On 24 June 2026, the Auditor General (AG) Me. Tsakani Maluleke released the consolidated general report on Local Government Audit Outcomes for the 24/25 financial year. Once again, Matjhabeng has the unfortunate honour of being named the worst Municipality in the Free State and in South Africa. This comes as no surprise to anybody, as the ANC-controlled Council has, over the years, appointed Cadres who had no idea how to manage a multi-billion-rand Municipality.
Over the past 16 years, the AG found that Matjhabeng has no right to exist because of the following reasons:
- Poor cash flow.
- Poor cash reserves.
- Poor service delivery.
- Poor control over unauthorised, irregular, and Wasteful expenses as it has spiralled out of control.
- Poor or, in fact, no consequence Management.
Over the years, the ANC Mayors have promised that the lives of Matjhabeng residents would improve, but in fact, they have worsened, with over R15 million owed to Eskom and Vaal Central Water. Raw sewerage flowing into people’s houses, water losses of more than 60%, and no to minimal refuse removal. Potholes are not being fixed, and there is no prospect of them being fixed in the near future.

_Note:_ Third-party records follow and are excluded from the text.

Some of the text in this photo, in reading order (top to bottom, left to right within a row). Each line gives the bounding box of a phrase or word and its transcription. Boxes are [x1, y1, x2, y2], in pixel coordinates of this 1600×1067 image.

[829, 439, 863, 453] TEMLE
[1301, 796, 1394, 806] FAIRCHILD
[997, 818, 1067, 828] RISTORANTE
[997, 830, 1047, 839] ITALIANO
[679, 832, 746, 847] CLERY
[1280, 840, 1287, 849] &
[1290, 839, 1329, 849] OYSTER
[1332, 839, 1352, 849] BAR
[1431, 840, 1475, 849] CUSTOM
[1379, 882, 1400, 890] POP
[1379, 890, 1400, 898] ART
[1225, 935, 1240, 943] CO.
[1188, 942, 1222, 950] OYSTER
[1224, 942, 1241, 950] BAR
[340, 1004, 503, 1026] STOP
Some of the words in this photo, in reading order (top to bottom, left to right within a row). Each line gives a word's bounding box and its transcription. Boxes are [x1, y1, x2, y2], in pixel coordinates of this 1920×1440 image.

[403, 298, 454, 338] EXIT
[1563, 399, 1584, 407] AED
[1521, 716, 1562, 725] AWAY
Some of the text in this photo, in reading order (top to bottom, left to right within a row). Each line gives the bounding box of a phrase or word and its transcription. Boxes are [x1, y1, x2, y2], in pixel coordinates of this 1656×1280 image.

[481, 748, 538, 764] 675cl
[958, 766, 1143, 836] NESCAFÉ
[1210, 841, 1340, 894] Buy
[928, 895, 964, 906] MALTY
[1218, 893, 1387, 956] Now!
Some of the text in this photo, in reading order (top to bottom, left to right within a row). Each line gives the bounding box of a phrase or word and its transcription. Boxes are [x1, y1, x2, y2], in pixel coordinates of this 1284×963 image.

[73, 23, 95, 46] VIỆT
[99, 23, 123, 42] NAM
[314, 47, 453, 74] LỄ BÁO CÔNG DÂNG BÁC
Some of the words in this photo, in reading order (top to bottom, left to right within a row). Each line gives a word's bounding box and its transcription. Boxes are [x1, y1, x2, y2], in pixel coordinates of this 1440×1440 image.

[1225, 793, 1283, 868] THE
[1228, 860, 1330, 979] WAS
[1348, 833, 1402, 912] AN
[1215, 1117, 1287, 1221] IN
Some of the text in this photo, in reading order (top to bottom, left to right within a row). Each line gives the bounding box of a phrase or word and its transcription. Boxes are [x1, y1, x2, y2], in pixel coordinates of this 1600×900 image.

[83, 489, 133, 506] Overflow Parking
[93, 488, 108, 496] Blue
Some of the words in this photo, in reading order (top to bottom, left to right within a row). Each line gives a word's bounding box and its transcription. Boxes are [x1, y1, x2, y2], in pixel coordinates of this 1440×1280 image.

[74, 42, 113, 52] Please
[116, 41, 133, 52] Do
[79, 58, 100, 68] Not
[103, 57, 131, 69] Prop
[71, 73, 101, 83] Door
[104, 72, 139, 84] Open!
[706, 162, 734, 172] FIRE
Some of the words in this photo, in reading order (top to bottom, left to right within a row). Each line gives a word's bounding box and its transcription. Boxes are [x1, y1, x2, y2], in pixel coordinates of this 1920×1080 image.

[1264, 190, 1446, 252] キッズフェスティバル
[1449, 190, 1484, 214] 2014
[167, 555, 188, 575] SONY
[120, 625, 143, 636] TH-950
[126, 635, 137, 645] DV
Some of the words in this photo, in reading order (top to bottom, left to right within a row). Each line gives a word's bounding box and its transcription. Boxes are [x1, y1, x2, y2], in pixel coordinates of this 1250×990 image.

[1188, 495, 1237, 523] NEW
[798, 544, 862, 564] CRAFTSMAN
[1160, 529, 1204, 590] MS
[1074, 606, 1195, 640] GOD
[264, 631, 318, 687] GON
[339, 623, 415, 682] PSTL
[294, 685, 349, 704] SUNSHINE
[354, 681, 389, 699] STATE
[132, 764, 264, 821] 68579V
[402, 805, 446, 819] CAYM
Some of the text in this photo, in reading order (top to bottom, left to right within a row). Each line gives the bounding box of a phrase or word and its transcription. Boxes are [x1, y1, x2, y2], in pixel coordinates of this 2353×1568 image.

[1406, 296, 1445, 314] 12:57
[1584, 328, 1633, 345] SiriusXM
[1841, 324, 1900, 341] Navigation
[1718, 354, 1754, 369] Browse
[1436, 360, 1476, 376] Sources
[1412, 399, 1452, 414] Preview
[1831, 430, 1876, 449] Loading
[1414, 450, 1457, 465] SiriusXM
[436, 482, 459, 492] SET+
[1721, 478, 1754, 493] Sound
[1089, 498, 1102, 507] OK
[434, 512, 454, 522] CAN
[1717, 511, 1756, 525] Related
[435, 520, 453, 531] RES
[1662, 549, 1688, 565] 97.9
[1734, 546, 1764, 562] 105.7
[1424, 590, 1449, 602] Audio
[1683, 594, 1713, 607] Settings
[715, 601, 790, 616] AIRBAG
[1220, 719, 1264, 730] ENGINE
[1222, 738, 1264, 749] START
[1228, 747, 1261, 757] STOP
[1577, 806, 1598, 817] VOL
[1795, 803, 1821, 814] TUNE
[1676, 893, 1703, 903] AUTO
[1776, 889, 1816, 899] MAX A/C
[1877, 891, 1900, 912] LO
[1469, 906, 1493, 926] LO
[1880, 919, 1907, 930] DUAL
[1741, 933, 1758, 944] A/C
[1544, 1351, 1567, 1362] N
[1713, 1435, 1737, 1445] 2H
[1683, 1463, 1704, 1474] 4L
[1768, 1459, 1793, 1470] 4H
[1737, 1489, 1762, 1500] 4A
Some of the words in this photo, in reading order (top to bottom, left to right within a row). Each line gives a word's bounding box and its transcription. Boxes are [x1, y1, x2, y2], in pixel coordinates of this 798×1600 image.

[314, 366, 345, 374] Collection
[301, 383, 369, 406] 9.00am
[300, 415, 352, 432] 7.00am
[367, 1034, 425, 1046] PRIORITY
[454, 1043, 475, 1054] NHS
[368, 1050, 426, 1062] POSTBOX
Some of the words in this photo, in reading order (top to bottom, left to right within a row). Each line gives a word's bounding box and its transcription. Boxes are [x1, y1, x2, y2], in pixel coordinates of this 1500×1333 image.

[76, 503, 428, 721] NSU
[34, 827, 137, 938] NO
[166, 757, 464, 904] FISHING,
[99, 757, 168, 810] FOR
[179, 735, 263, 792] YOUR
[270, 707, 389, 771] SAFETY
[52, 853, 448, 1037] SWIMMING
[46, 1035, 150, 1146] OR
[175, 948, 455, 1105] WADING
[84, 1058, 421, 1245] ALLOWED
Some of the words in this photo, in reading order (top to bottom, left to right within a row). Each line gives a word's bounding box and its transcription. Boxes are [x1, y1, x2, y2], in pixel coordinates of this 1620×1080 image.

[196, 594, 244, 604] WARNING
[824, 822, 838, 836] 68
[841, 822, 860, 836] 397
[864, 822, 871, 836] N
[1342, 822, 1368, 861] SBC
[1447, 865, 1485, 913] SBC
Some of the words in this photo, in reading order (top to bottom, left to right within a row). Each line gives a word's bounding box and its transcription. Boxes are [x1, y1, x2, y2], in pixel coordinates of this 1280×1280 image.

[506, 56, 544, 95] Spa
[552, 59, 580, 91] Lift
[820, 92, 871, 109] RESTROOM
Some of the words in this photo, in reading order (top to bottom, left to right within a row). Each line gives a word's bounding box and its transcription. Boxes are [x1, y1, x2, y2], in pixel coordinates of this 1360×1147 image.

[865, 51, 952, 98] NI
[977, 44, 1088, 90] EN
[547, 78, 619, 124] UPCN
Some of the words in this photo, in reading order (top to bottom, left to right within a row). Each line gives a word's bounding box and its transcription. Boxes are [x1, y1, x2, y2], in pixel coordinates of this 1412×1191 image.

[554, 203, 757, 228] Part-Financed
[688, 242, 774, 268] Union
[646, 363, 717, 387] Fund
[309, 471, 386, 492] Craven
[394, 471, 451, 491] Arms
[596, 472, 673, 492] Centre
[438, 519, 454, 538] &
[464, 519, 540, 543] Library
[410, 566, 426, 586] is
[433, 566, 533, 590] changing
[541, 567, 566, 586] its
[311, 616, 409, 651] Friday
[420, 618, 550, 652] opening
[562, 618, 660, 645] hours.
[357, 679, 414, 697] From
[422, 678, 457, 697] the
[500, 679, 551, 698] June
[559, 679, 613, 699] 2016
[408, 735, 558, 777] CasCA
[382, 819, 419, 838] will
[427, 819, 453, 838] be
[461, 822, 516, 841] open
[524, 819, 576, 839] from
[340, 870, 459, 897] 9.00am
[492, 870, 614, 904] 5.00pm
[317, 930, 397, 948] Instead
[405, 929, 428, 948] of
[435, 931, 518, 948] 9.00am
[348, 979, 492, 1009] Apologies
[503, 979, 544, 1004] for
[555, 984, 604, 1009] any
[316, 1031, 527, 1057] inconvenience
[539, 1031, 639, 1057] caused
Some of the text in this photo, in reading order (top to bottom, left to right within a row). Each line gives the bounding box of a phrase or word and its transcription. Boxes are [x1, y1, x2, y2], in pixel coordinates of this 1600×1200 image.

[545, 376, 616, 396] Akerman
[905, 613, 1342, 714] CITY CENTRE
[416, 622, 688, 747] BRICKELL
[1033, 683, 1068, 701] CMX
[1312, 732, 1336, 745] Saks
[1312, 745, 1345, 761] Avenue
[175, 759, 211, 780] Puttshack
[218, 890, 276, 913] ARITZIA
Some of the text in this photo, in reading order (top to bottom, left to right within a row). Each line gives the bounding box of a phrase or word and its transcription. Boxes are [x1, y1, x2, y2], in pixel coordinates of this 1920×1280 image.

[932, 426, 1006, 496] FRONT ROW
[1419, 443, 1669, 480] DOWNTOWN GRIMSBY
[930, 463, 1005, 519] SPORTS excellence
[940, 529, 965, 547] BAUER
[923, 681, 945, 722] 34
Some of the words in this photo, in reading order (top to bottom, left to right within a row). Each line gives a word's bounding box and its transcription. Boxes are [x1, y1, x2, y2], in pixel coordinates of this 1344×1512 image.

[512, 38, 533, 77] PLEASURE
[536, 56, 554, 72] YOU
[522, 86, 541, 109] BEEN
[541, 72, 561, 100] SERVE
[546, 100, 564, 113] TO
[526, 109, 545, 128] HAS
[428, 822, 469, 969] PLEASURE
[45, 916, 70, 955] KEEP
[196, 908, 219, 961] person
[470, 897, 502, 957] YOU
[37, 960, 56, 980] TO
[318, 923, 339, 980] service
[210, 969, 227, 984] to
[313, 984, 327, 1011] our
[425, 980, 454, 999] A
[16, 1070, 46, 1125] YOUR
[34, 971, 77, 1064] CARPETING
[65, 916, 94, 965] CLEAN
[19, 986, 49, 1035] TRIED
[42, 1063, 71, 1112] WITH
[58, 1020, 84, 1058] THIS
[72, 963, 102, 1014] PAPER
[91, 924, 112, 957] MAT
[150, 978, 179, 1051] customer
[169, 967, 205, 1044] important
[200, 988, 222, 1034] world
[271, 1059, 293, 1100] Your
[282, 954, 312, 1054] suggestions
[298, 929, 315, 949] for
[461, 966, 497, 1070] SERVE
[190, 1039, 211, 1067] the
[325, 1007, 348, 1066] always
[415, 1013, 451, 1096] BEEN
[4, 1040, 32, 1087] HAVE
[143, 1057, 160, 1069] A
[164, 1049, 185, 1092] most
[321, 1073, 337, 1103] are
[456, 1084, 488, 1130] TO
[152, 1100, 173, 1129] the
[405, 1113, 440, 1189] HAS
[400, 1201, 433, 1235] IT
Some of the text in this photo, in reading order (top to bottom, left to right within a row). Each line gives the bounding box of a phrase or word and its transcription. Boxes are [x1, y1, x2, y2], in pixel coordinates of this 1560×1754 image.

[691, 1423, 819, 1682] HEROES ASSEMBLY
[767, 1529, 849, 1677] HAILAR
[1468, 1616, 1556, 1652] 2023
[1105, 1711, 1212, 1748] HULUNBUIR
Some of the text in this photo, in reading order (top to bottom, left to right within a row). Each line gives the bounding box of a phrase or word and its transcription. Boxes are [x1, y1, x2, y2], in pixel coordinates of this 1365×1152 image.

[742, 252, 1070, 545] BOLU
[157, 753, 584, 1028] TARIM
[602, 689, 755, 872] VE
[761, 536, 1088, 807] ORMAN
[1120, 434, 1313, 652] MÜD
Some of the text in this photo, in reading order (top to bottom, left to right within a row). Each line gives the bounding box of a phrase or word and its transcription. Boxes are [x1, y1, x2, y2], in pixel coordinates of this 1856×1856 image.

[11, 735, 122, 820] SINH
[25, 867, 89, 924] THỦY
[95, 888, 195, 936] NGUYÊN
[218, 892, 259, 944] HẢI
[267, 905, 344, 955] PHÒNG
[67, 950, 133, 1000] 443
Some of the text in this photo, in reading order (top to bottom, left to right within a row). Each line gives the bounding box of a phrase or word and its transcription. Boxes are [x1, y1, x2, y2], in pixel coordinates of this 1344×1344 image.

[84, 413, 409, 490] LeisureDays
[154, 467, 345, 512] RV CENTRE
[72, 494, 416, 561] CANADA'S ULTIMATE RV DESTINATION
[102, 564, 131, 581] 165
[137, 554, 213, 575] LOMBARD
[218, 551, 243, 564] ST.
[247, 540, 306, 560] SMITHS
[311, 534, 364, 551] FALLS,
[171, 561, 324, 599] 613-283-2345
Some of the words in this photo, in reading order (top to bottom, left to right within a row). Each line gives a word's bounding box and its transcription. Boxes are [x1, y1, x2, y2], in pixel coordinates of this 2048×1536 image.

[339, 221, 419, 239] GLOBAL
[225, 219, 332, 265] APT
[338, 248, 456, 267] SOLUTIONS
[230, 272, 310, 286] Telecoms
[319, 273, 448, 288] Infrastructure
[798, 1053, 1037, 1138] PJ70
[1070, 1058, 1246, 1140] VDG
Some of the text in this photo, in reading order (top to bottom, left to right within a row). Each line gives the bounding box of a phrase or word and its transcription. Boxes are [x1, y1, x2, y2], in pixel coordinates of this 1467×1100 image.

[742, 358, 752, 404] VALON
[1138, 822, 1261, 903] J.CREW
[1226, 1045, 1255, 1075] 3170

Service delivery as a whole has almost come to a standstill as there are no resources to acquire parts to fix water, sewer and electrical problems. The yellow fleet is almost non-existent as one TLB must work in four suburbs.
The DA in Matjhabeng has, over the years, warned the Mayor to implement consequence management and improve service delivery, but these warnings were not heeded. The DA then went so far as to obtain a Court Order under Section 139(5) of the Constitution, compelling the Provincial Government to intervene to improve the Municipality’s finances and service delivery. This is now an ongoing process.
To get Matjhabeng working again, register to vote and vote for the DA on 4 November 2026 to get Matjhabeng municipality working for all residents.